A prime example of this is the employment related code of practice issued under the Equality Act 2010, which outlaws discrimination and harassment on various grounds, including sex, race, age and religion. This code recommends that an employer should have an Equal Opportunities Policy and gives guidance as to what it should contain.

Although the code concerned does not itself have legal status, breaches of it can be taken into account by an Employment Tribunal in determining an employer’s liability for discrimination and harassment claims, and as a result employers would be wise to ensure that they have such a policy in place.

Even if stated to be non-contractual, it is very important for employers to note that an employer’s failure to follow their own policy, although not a breach of contract, will still generally be taken into account by an employment tribunal so far as it is relevant to determining the claim concerned. Tribunals will therefore expect an employer to be able to give a very good reason as to why any relevant non-contractual policy was not followed.

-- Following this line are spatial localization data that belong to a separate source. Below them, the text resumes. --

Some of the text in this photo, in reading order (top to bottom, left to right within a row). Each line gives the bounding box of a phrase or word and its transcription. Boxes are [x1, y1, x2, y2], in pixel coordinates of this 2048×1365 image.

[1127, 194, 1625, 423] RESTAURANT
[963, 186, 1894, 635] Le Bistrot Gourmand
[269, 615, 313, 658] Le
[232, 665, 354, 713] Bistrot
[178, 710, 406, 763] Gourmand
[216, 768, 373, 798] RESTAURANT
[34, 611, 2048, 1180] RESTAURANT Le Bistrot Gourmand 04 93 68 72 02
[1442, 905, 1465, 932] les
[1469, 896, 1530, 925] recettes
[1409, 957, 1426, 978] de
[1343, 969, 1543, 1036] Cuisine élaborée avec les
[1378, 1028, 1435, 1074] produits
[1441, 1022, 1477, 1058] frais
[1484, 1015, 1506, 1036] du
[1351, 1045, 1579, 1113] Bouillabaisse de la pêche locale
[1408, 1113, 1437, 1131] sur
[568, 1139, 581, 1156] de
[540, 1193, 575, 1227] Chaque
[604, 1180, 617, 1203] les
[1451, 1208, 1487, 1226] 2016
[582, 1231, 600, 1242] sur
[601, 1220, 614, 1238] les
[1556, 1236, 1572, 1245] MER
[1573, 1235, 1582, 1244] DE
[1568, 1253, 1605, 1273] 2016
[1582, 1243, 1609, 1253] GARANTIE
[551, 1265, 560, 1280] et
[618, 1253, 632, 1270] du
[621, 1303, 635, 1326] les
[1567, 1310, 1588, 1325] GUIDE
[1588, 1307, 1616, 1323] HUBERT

Furthermore, it can be the case that, even if an employer states in a handbook that certain or all policies are not contractual in nature, policies can be deemed to be contractual, if other circumstances, such as custom and practice, supports that fact.

  1. Wasted Time

If you don’t handle your HR/people management responsibilities properly, you will inevitably encounter issues or complaints from your employees at some point. The management time required to sort these out is always significantly more than the time that would have been needed to do things right in the first place.

And if you are taken to an employment tribunal, the preparation required amounts to weeks of lost management time.

  1. Demotivated staff

Information about employee rights is widely available on the internet, so employees tend to be fairly clued up about their rights at work and the processes that their employers should follow. So if you don’t do things properly, your employees will more than likely know and that can lead to demotivation and lower productivity. Whereas if you treat your staff fairly and lawfully, they are more likely to be happy and productive at work.